In scope: Bayesian updating (EAP/MAP, sequential updating across modules), IRT for MCQs (3PL), IRT for QA scored 0-10 (GRM) or 0-100 (CRM), and everything those require to function (Fisher information, Bloom-level difficulty mapping, item calibration, sub-skill score rescaling, MSAT module selection/stopping).

Out of scope: DAG-based hierarchical skill aggregation (spec §6) and anything downstream of it. This package's output boundary is the sub-skill score — it never computes a skill-level (DAG-aggregated) score.


Requirements

  • Python >= 3.12
  • uv as the package manager — do not use bare pip/venv in this repo.

Install

uv sync

This creates .venv/ and installs numpy/scipy plus the pytest/pytest-cov/coverage dev group.

Test

uv run pytest
  • Coverage is enforced at 90%+ via --cov-fail-under=90 in pyproject.toml (current actual coverage is 100%). A term-missing report prints uncovered lines directly in the terminal; coverage.xml is also written.
  • Run a single file: uv run pytest tests/models/test_threepl.py
  • Run with verbose test names: uv run pytest -v

Add a dependency

uv add <package>          # runtime dependency
uv add --dev <package>    # dev-only dependency (linters, test tools, etc.)

Publishing to PyPI

This package is set up to publish via uv, using the uv_build backend ([build-system] in pyproject.toml). hb-irt is confirmed available (not yet registered) on PyPI as of this writing.

One-time setup

  1. Create accounts on both TestPyPI and PyPI if you don't have them.
  2. Generate an API token for each (Account Settings -> API tokens). Scope the token to the project once it exists there, or use an account-wide token for the very first upload.
  3. Do not commit tokens. Export them as an environment variable per upload, or use uv publish --token <token> interactively (avoid putting the token in shell history — prefer the environment variable form below).

Build

uv build

Produces dist/hb_irt-<version>-py3-none-any.whl and dist/hb_irt-<version>.tar.gz. Inspect the sdist before publishing if you've changed packaging config:

tar -tzf dist/hb_irt-*.tar.gz    # confirm only src/, LICENSE, README, pyproject.toml are included

Publish to TestPyPI first (recommended)

Always do a dry run on TestPyPI before the real index — a version number can never be reused on PyPI once published, even if deleted.

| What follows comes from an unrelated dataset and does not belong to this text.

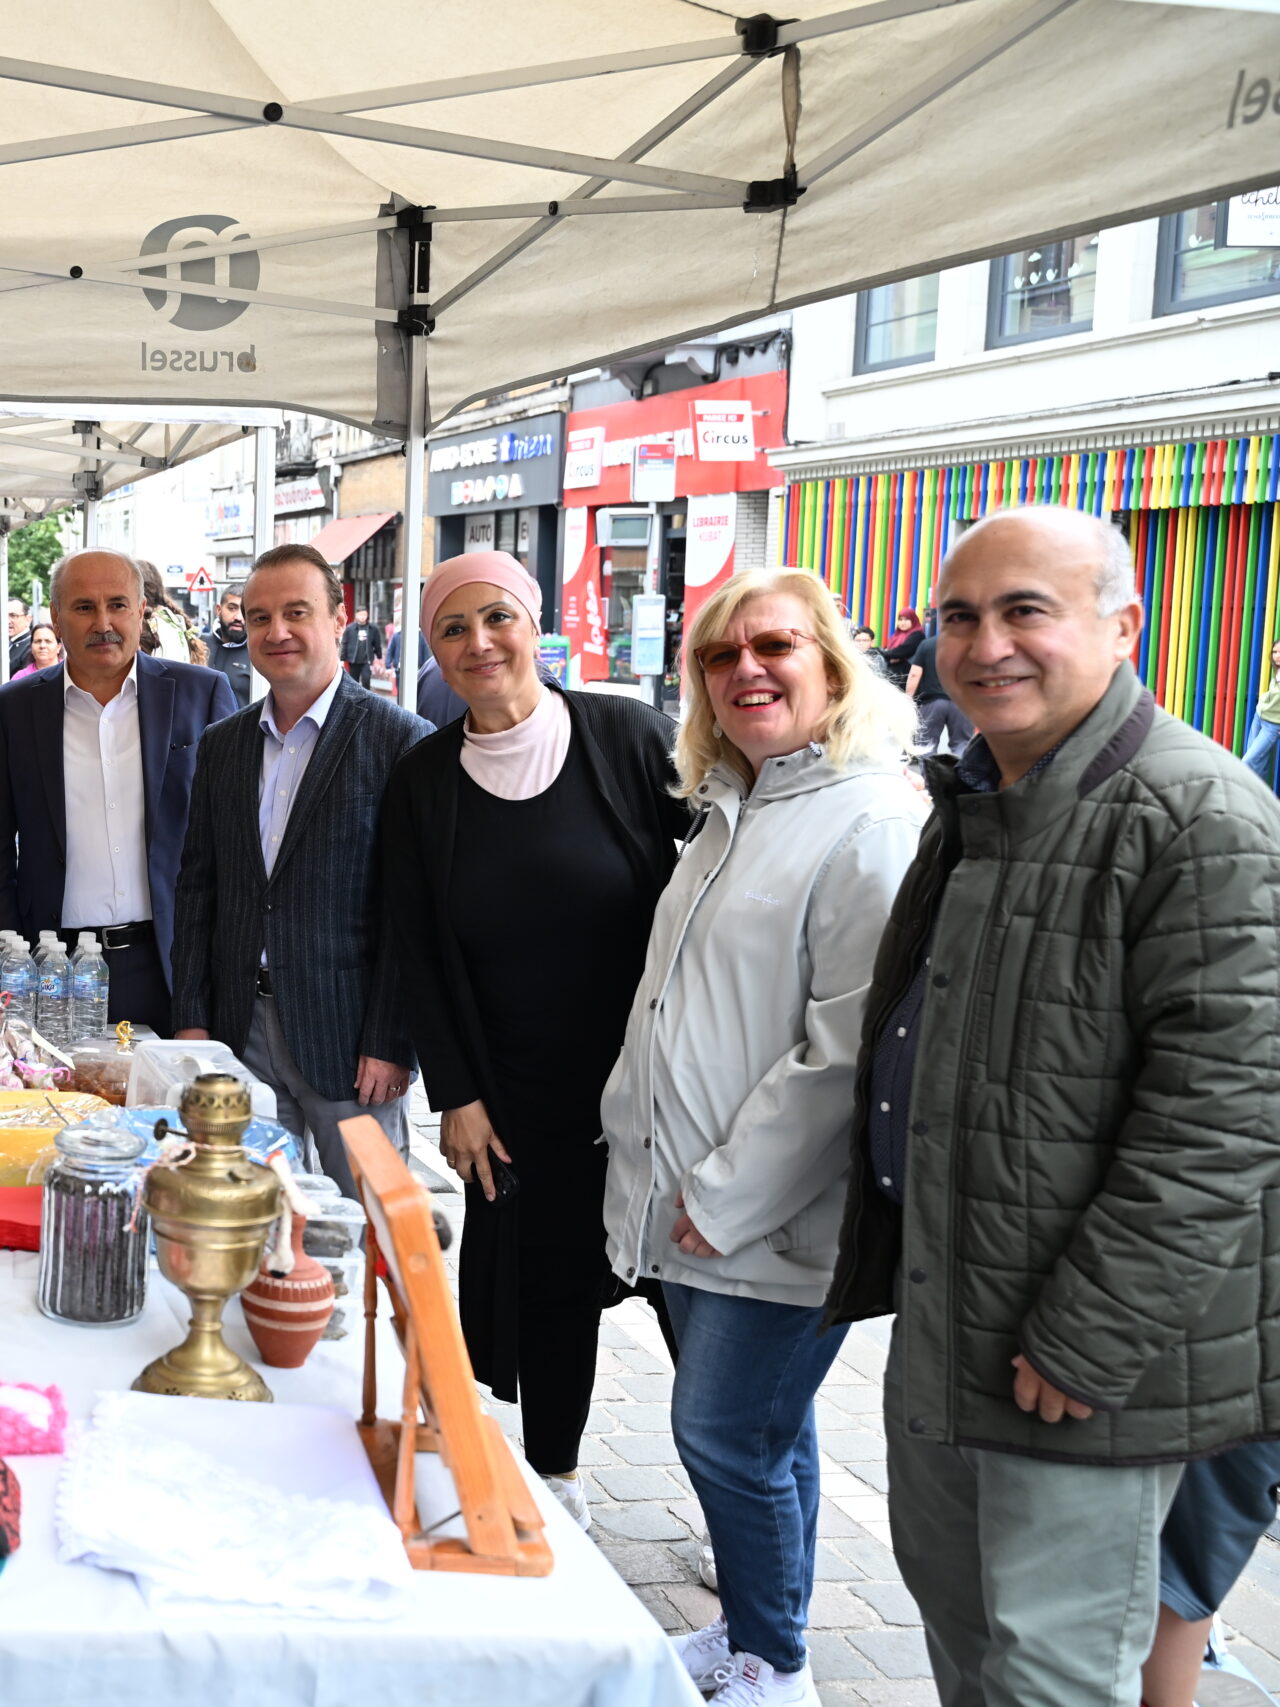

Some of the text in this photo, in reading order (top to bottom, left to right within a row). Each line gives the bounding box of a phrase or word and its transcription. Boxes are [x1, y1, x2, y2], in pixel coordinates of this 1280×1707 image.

[702, 430, 749, 445] Circus
[692, 515, 729, 528] LIBRAIRIE
[469, 524, 492, 543] AUTO

UV_PUBLISH_TOKEN=<test-pypi-token> uv publish --publish-url https://test.pypi.org/legacy/

Then verify installability from TestPyPI in a scratch venv:

uv venv /tmp/hb-irt-smoke && uv pip install --python /tmp/hb-irt-smoke/bin/python \
  --index-url https://test.pypi.org/simple/ --extra-index-url https://pypi.org/simple/ hb-irt

(--extra-index-url is needed because numpy/scipy aren't on TestPyPI.)

Publish to PyPI

UV_PUBLISH_TOKEN=<pypi-token> uv publish

Versioning

pyproject.toml's [project].version is the single source of truth. hb_irt.__version__ reads it at runtime via importlib.metadata.version("hb-irt") (see src/hb_irt/__init__.py) — there is nothing else to keep in sync.

Before each release:

  1. Bump version in pyproject.toml (follow SemVer: this is pre-1.0, so breaking changes can land in 0.x minor bumps — bump the patch version for fixes, minor for additions/breaking changes while pre-1.0).
  2. Run uv run pytest (100% coverage gate must pass).
  3. uv build, then publish to TestPyPI, verify, then publish to PyPI.
  4. Tag the release in git (git tag v<version>) once published — ask before pushing tags to a shared remote.

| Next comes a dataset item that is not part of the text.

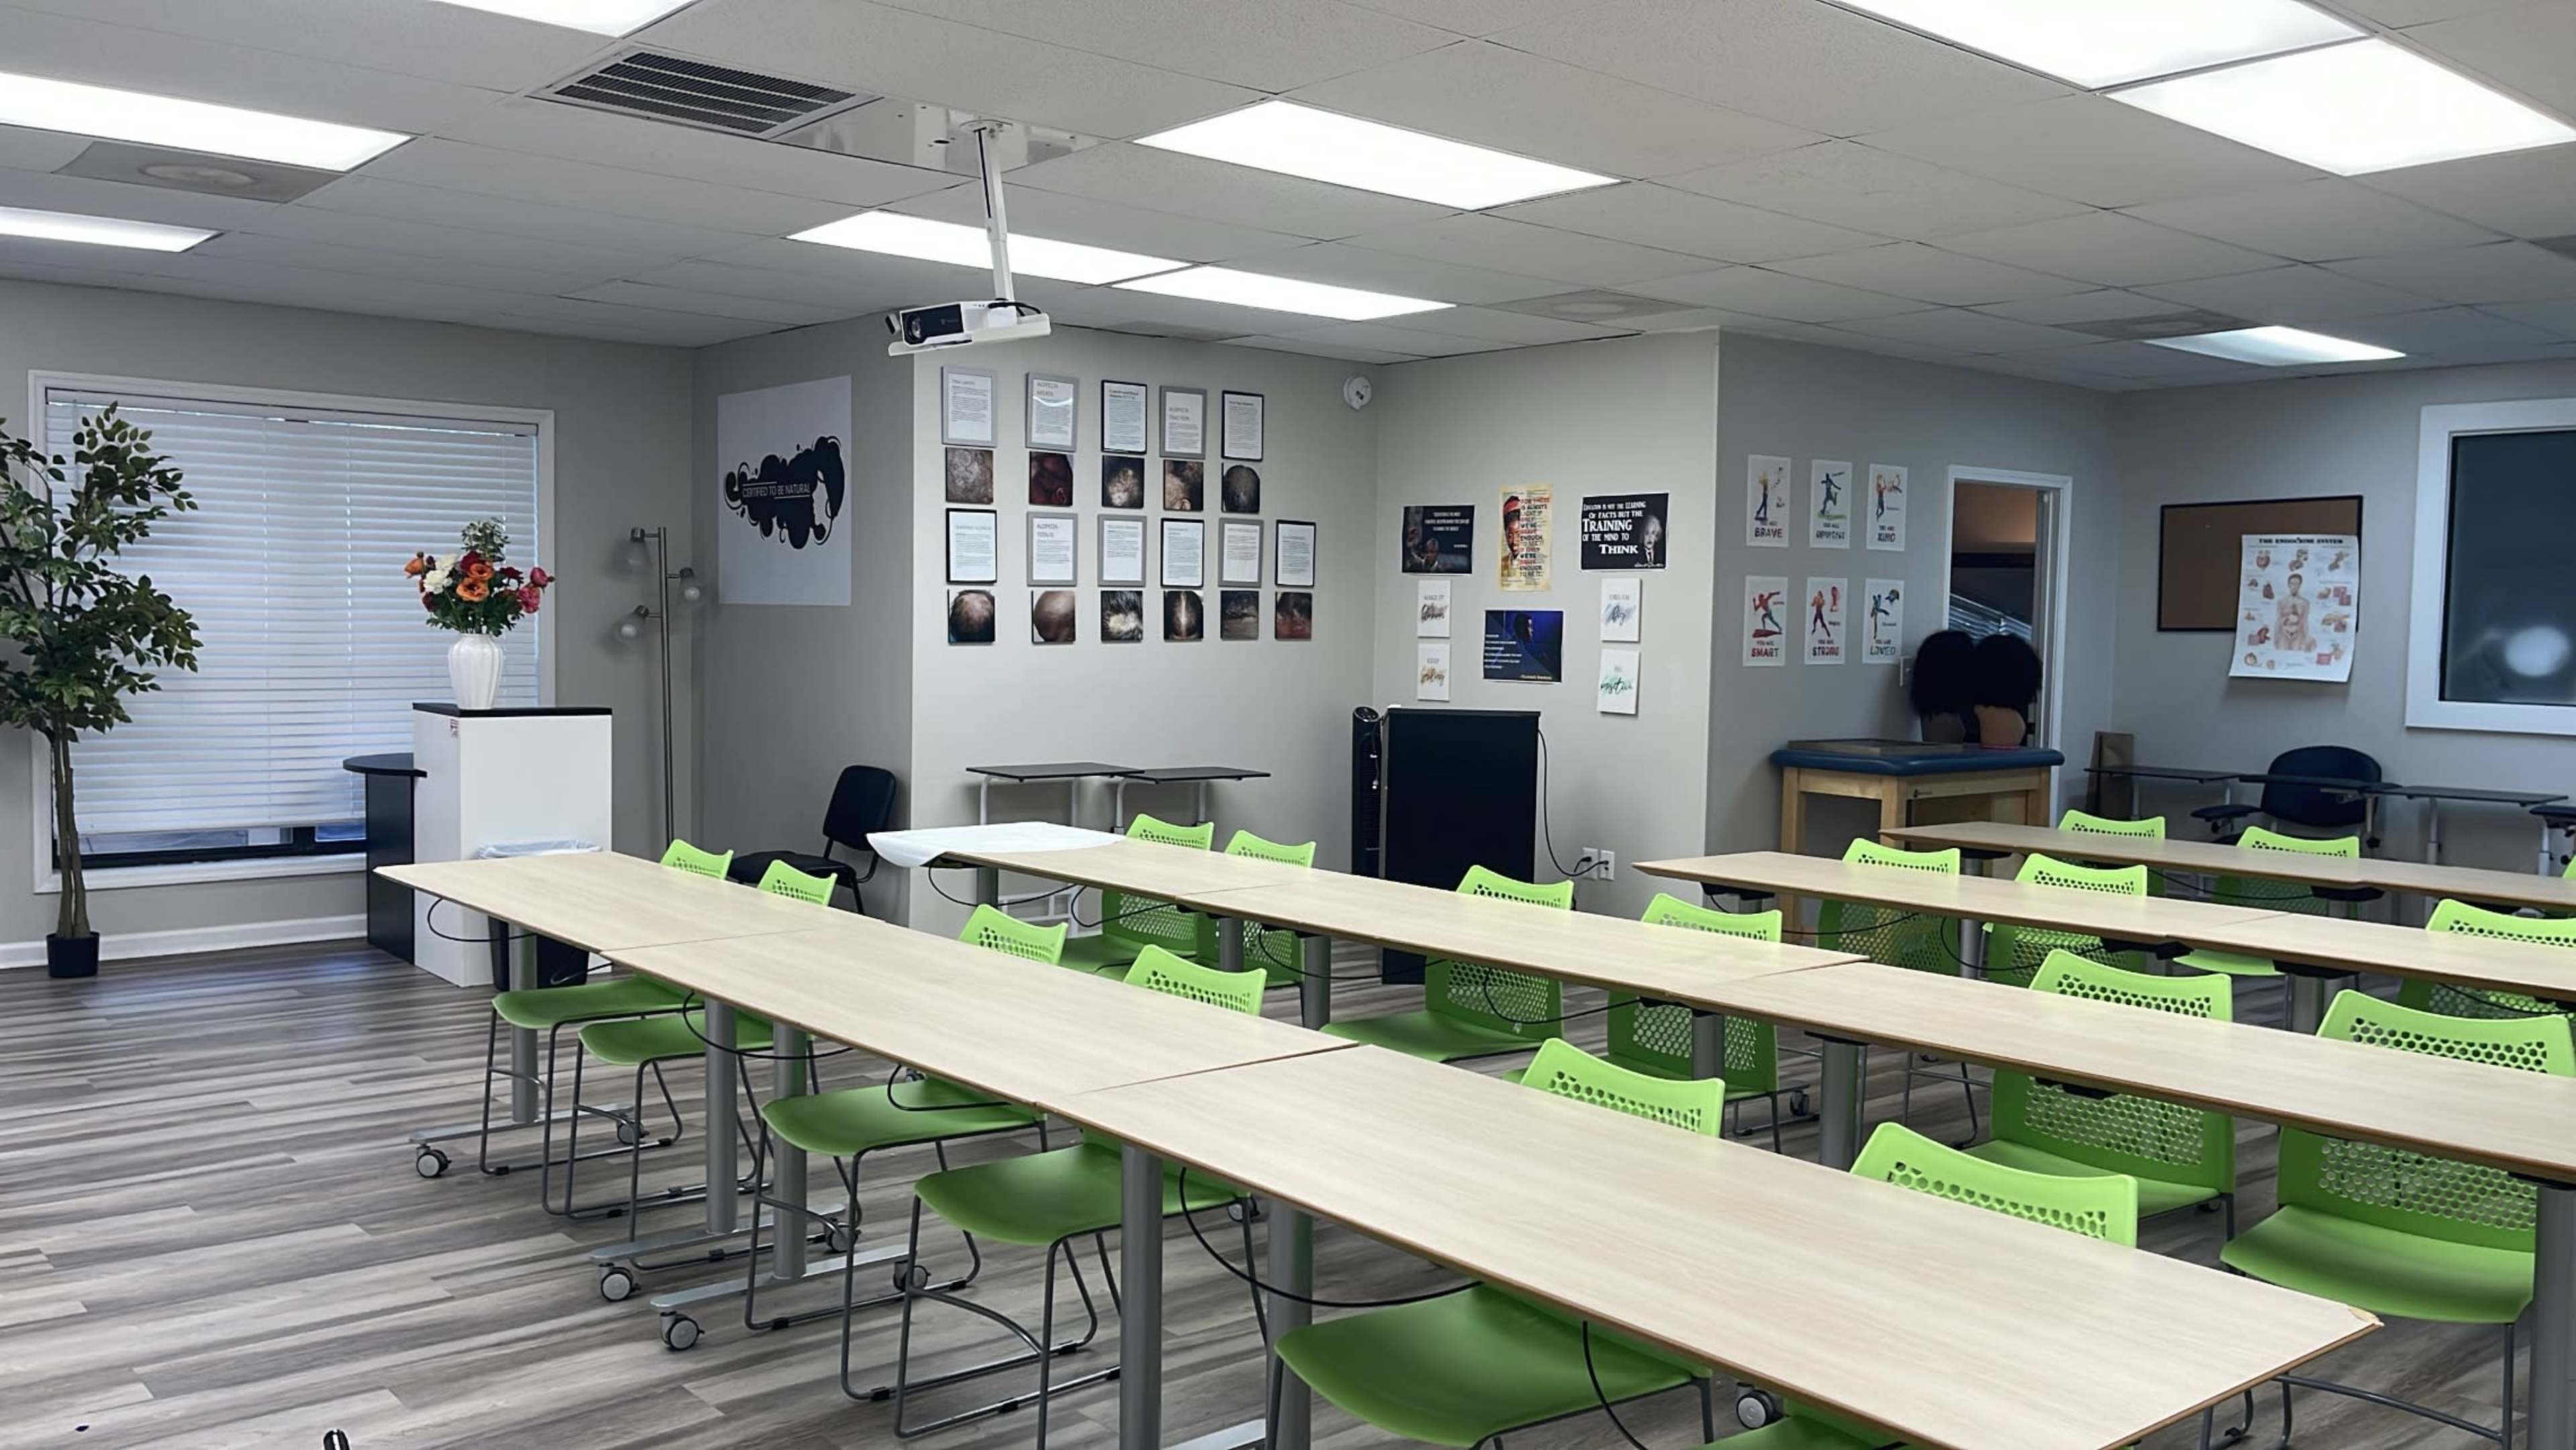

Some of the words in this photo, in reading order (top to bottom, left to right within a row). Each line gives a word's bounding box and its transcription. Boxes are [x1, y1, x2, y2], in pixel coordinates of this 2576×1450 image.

Before the first publish, also consider

  • Re-reading Development Status :: 3 - Alpha in the classifiers list in pyproject.toml and bumping it (e.g. to 4 - Beta / 5 - Production/Stable) as the package matures.

Architecture

src/hb_irt/
  types.py            Item, Response, Posterior, TestModule, SubskillScore
  quadrature.py        Gauss-Hermite quadrature (EAP integration primitive)
  models/
    base.py             ItemModel interface: loglik(value, theta), info(theta)
    threepl.py           3PL model for MCQ items
    grm.py                Graded Response Model for 0-10 ordinal QA
    crm.py                 Continuous Response Model for 0-100 QA
  bayes/
    estimation.py         EAP / MAP ability estimation
    sequential.py          Sequential Bayesian updating across modules
  information.py       Fisher test information, standard error of measurement
  calibration.py       MMLE/EM calibration of 3PL item parameters
  bloom.py             Bloom level (L1-L6) -> difficulty anchor + shrinkage
  scoring.py           0-100 rescaling, precision-weighted level aggregation
  msat/
    module_bank.py       TestModule repository, queryable by type/history
    selection.py           Information-maximizing module selection (EIG)
    stopping.py             Stopping rules (precision / max modules / saturation)

There is no re-exporting package __init__.py — import directly from the submodule that defines what you need, e.g. from hb_irt.models.threepl import ThreePLModel, not from hb_irt import ThreePLModel. This keeps import paths traceable to a single file and avoids a growing "god module."

Tests mirror the source layout 1:1 under tests/ (e.g. src/hb_irt/models/grm.py <-> tests/models/test_grm.py).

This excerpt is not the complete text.